Our 3 year old needed heart surgery, we did it in November. Gabby was very sick and we lived in the hospital for a month trying to juggle the girls. One of us would spend the night with Gabby and the other would go home with Izzy, then come the next day at lunch time. It was hard on everyone but especially hard on Izzy. We were really drowning for a very long time. The orphanage behaviors are pretty rough. This was NOTHING like my bio kids. Please don’t be fooled, I know you will hear a lot of rainbow and unicorn stories (I did too) there have been precious few rainbows here I tell you.

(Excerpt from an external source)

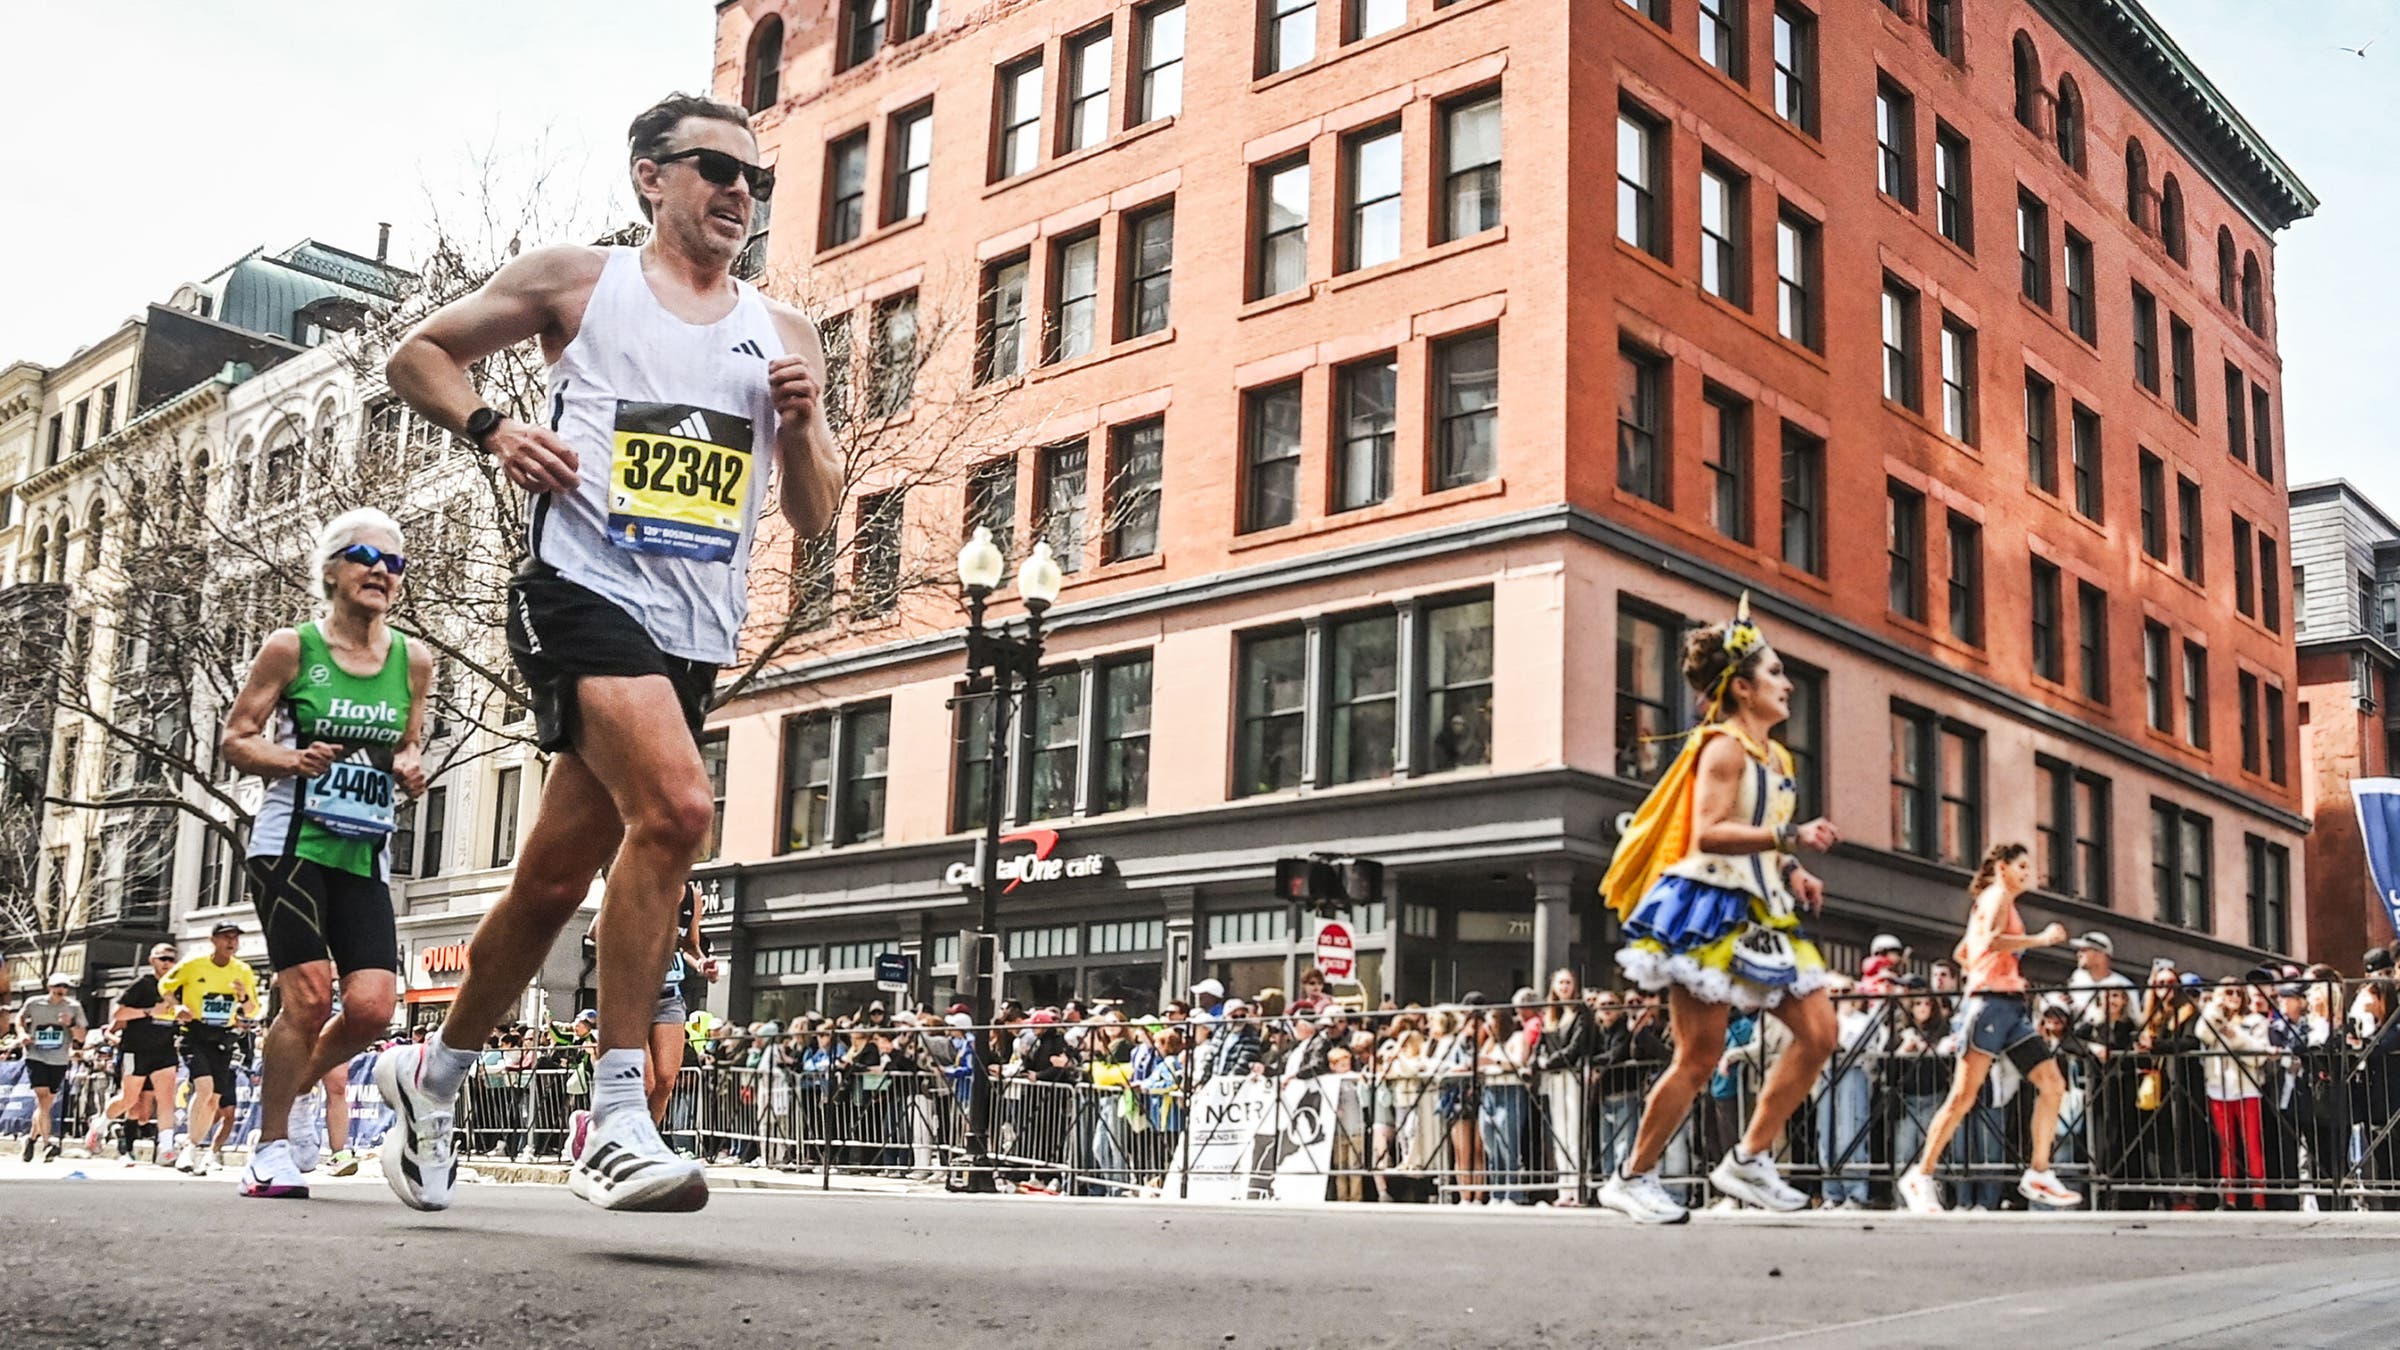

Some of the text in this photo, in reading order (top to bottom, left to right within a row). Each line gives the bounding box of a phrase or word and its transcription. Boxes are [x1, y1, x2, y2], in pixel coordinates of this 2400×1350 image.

Because Izzy was so mistreated our life is nothing close to normal. If we go to the zoo for instance we will pay for three days straight with tons of screaming (even though she has been worn). A family BBQ or visiting relatives (who do not pick her up) cause a huge upset and 2-3 days of screaming. This is great when you have more than one child. Izzy will be 24/7 care forever and will never be independent. We were not prepared for that. We did therapy 6-8 appointments a week for the two girls (1-2 for Gabby and the rest for Izzy), some weeks even more. I was not prepared for how isolated you are when you cocoon, or how much I would really miss my husband while he was right there. The kids suck up every moment, every ounce of energy.
It is far more work than it seems like it will be. Ask yourself: What will you do if they hate each other? What if you have one like I do with severe cognitive/sensory/behavioral issues? Many problems are not even apparent until the kids have been home for a while. What if one is a bully to the other?